AP Style Cheat Sheet
How do I...
AP Style Tips
In newspaper stories, you might notice that a comma seems to be missing in sentences like, “The three main candidates are Obama, Clinton and Edwards.” That is because, according to the stylebook, one should not “put a comma before the conjunction in a simple series.”
Time date and place: When reminding readers about when to show up, use the following order: time, date, place. “The lecture is scheduled for 2 p.m. Aug. 2 at David Kinley Hall.”
CORRECT: The train arrives at 3 p.m. Jan. 3 at Union Station
INCORRECT: The train arrives at Union Station on Jan. 3 at 3 p.m.
CORRECT: It’s 7 p.m.
INCORRECT: It’s 7:00 p.m.
When a month is used with a specific date, abbreviate only Jan., Feb., Aug., Sept., Oct., Nov. and Dec. Spell out when using alone, or with a year alone.
When a phrase lists only a month and a year, do not separate the year with commas. When a phrase refers to a month, day and year, set off the year with commas.
EXAMPLES: January 1972 was a cold month. Jan. 2 was the coldest day of the month. His birthday is May 8. Feb. 14, 1987, was the target date. She testified that it was Friday, Dec. 3, when the accident occurred.
In referring to cities, many of them don’t need their states mentioned along with them. Cities that stand alone are: Atlanta, Baltimore, Boston, Chicago, Cincinnati, Cleveland, Dallas, Denver, Detroit, Honolulu, Houston, Indianapolis, Las Vegas, Los Angeles, Miami, Milwaukee, Minneapolis, New Orleans, New York, Oklahoma City, Philadelphia, Phoenix, Pittsburgh, St. Louis, Salt Lake City, San Antonio, San Diego, San Francisco, Seattle, Washington, D.C.
The names of states are spelled out in full.
When encountering formal titles (Chairman, President, etc.), capitalize them immediately before a name but lowercase them when used alone or when they are set off by commas: Village President Irvana Wilks, but Irvana Wilks, president of the village.

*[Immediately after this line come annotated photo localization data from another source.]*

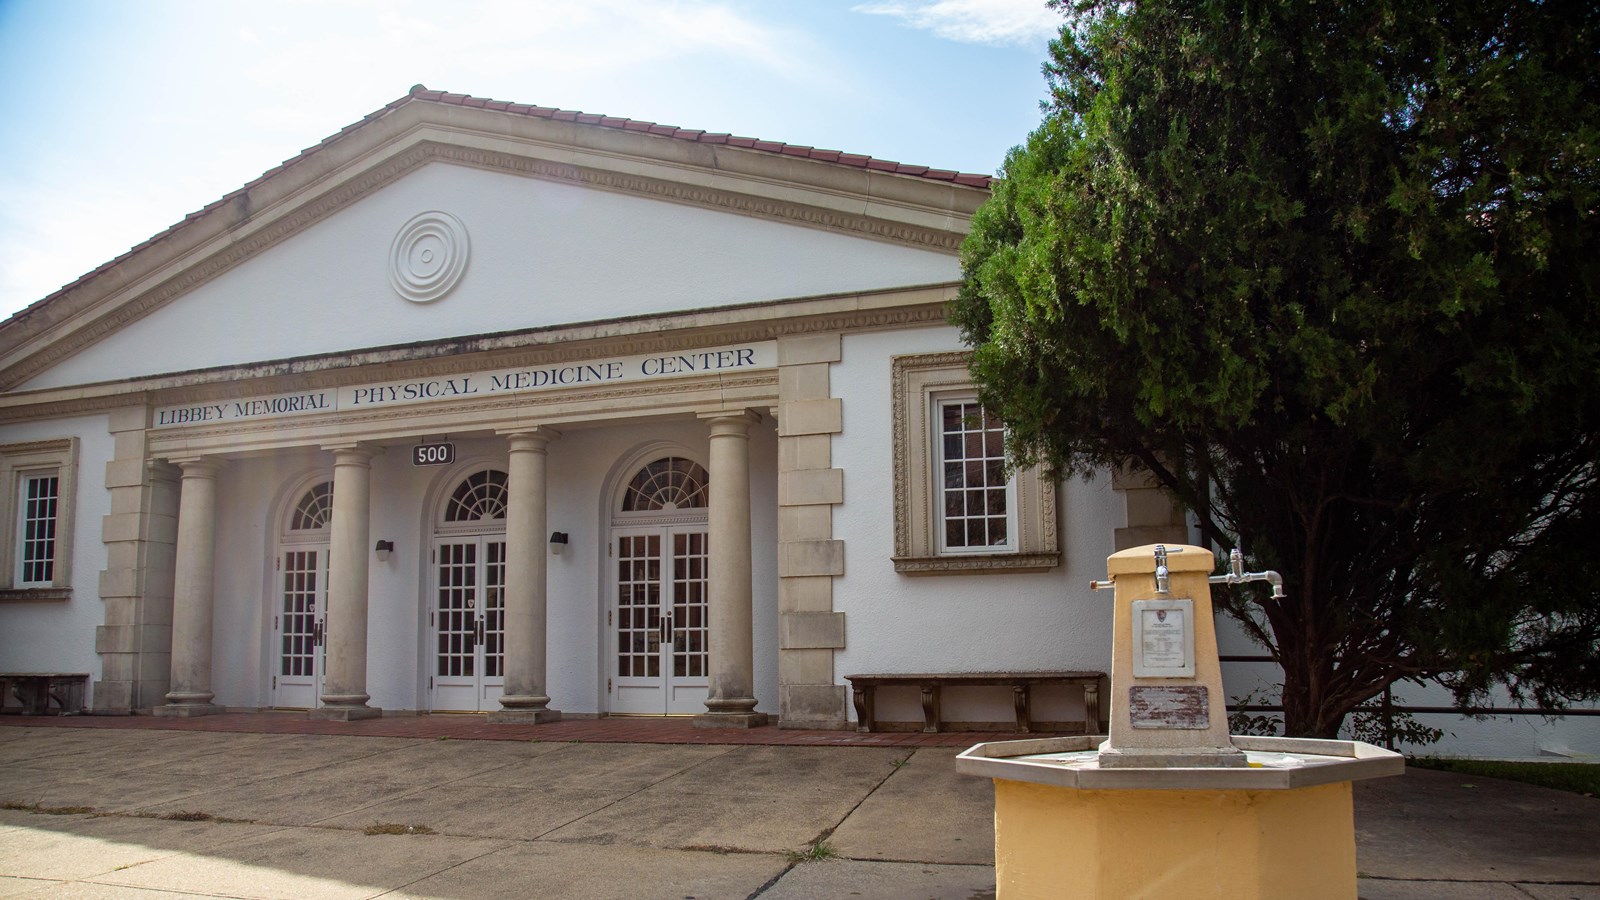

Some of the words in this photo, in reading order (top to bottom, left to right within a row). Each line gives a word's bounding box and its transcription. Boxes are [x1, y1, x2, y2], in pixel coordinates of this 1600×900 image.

[160, 404, 228, 425] LIBBEY
[235, 393, 329, 417] MEMORIAL
[353, 378, 478, 404] PHYSICAL
[491, 362, 623, 391] MEDICINE
[641, 348, 756, 374] CENTER
[418, 446, 447, 463] 500
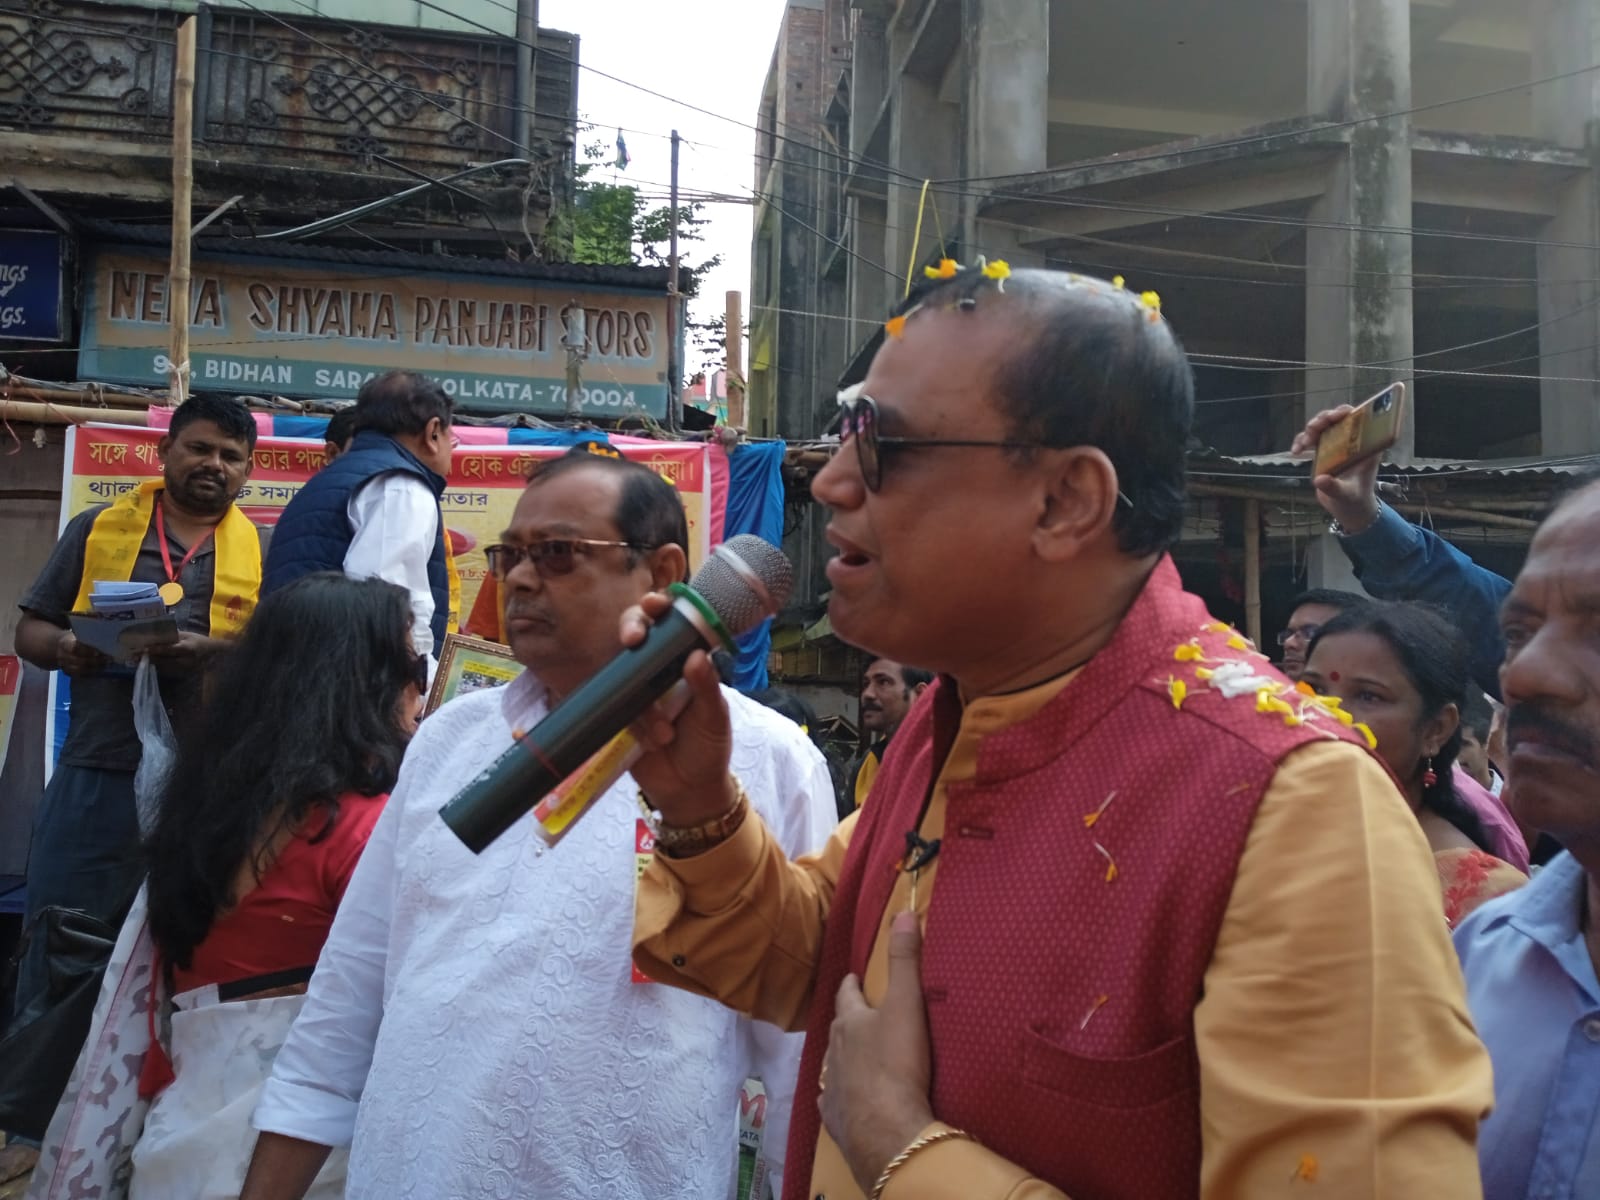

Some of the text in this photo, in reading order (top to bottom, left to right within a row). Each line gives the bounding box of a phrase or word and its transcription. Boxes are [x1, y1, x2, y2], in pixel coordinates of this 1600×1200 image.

As for titles of books, films and plays, the AP rules are as follows. Capitalize principal words, including prepositions and conjunctions of four or more letters; articles (a, an, the); or words of fewer than four letters if the article is the first or last word in a title. Titles should be bracketed by quotation marks (“The Wizard of Oz,” “Of Human Bondage” and “The Sun Also Rises”). Exceptions include the Bible and such reference books as almanacs, dictionaries and encyclopedias.
Website: Also, webcam, webcast and webmaster. But as a short form and in terms with separate words, the Web, Web page and Web feed.
Email: Use a hyphen with other e- terms: e-book, e-business, e-commerce.
Percent: (not %) The teacher said 60 percent was a failing grade. He said 50 percent of the membership was there.
Numbers: As a general rule, spell out numbers from one through nine. Use Arabic figures for 10 and above.
Example: first day, one woman, 10 days,21st year, nine years, 50 more.
The Library has a copy of the The Associated Press Stylebook and Briefing on Media Law, PN4783 .A83 2000 (non-circulating)
ALA Specific Syntax
We use audiobook instead of audio book.